ZELTWEG – “Dovizioso e la Ducati? Una bellissima storia d’amore, che ha reso migliori entrambi. Non cercate vittime o colpevoli, perché non ci sono: al termine dell’anno si diranno addio, ma speriamo che in questi mesi riescano a regalarci la gioia più grande. Se lo meritano”. Paolo Campinoti è lo storico proprietario del team Pramac, nella MotoGP dal 2002 (e ora anche MotoE), la cantera di Borgo Panigale: Andrea Iannone e Danilo Petrucci sono passati di qui, tanto per dire, insieme a Loris Capirossi, Toni Elìas, Alex Barros.
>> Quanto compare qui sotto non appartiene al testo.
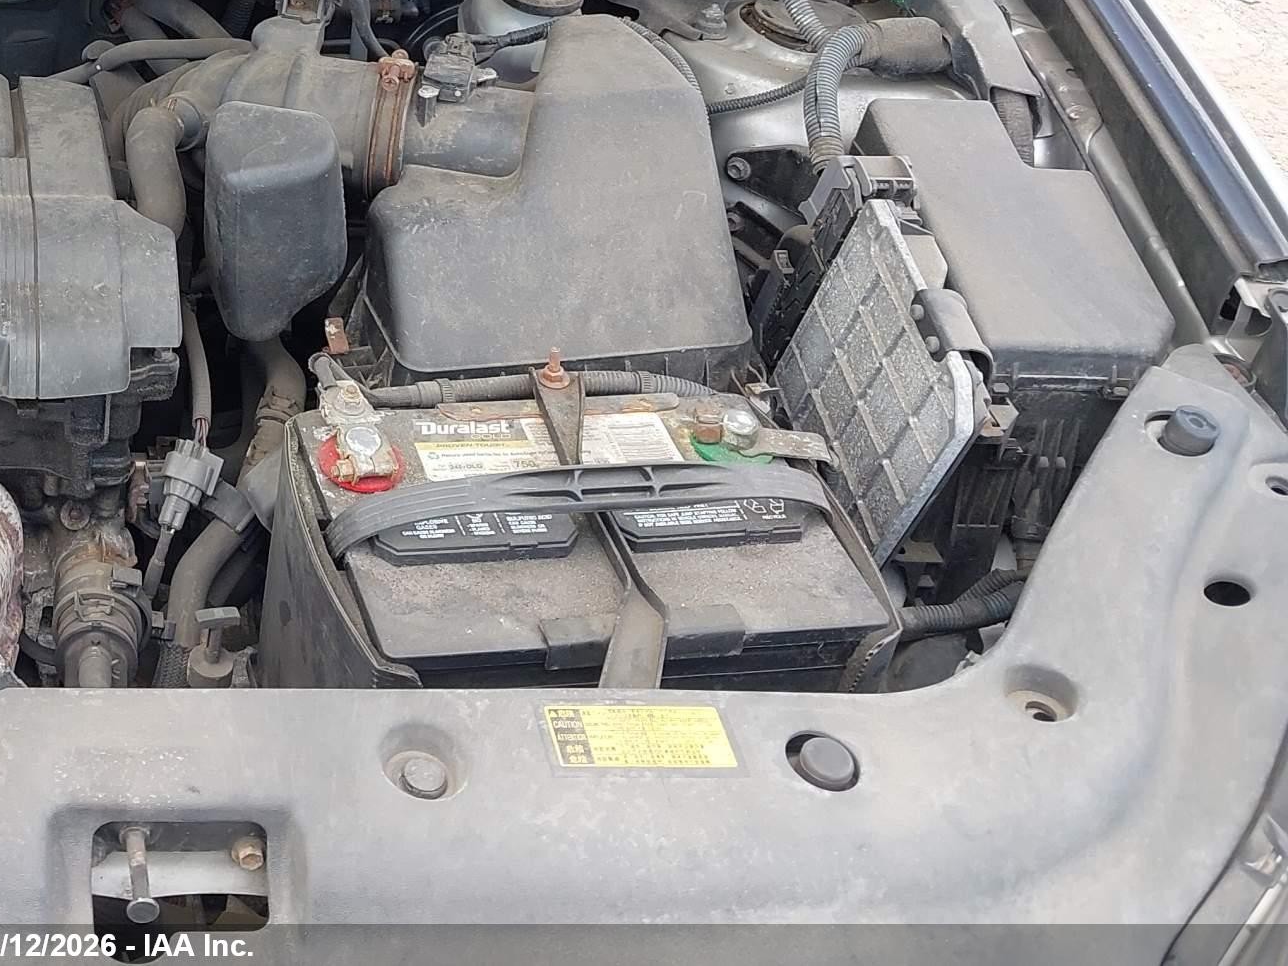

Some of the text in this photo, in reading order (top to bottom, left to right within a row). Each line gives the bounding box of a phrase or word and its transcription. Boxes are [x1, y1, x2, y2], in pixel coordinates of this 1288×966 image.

[415, 420, 511, 435] Duralast
[512, 459, 537, 469] 750
[552, 719, 584, 729] CAUTION
In questa stagione, per l’imprenditore toscano corrono i giovani e talentuosi piloti che il prossimo anno passeranno alla squadra ufficiale della Rossa: la “promozione” dell’australiano Jack Miller è già stata formalmente annunciata, quella del torinese Francesco ‘Pecco’ Bagnaia è prossima.
Dopo il successo di domenica scorsa, Dovizioso è tornato tra i favoriti per il titolo: rischia di vincere il mondiale e poi ritrovarsi disoccupato dopo 8 anni di fedele servizio alla Ducati. Che assurdità.
“In questo periodo credo che il rapporto tra pilota e azienda abbia arricchito tutti e due, sotto ogni aspetto. Sportivo, ed economico. Hanno vinto tante gare, sfiorando per 3 anni consecutivi il successo finale”.
Però c’era un certo Marquez.
“Quello è un furia, una miscela mostruosa di intelligenza, tecnica e prepotenza fisica. Un unicum difficilmente battibile. Un peccato, che abbia incrociato la loro strada proprio in queste stagioni”.
Un altro pilota sulla Ducati avrebbe potuto battere il Cannibale?
“Impossibile dirlo. Però è vero che la Ducati in griglia è stata una moto superiore a tutte le altre: per prestazioni e sviluppo costante. In questi ultimi anni ci hanno vinto tanti piloti diversi, con la Rossa. Diciamo che Marquez e la Ducati sono stati i migliori”.
Dicono che a Borgo Panigale non sappiano gestire bene i propri campioni.
“Io sono in rapporti con loro da tanto tempo, e li ho sempre visti lavorare benissimo. Credo che anche Dovizioso si sia trovato a suo agio, altrimenti non sarebbe rimasto per 8 stagioni. Ducati ha messo in piedi un gran vivaio, anche grazie a noi. Ha un progetto, una visione: sui piloti ha sempre fatto delle scelte intelligenti, tenuto conto del bilancio”.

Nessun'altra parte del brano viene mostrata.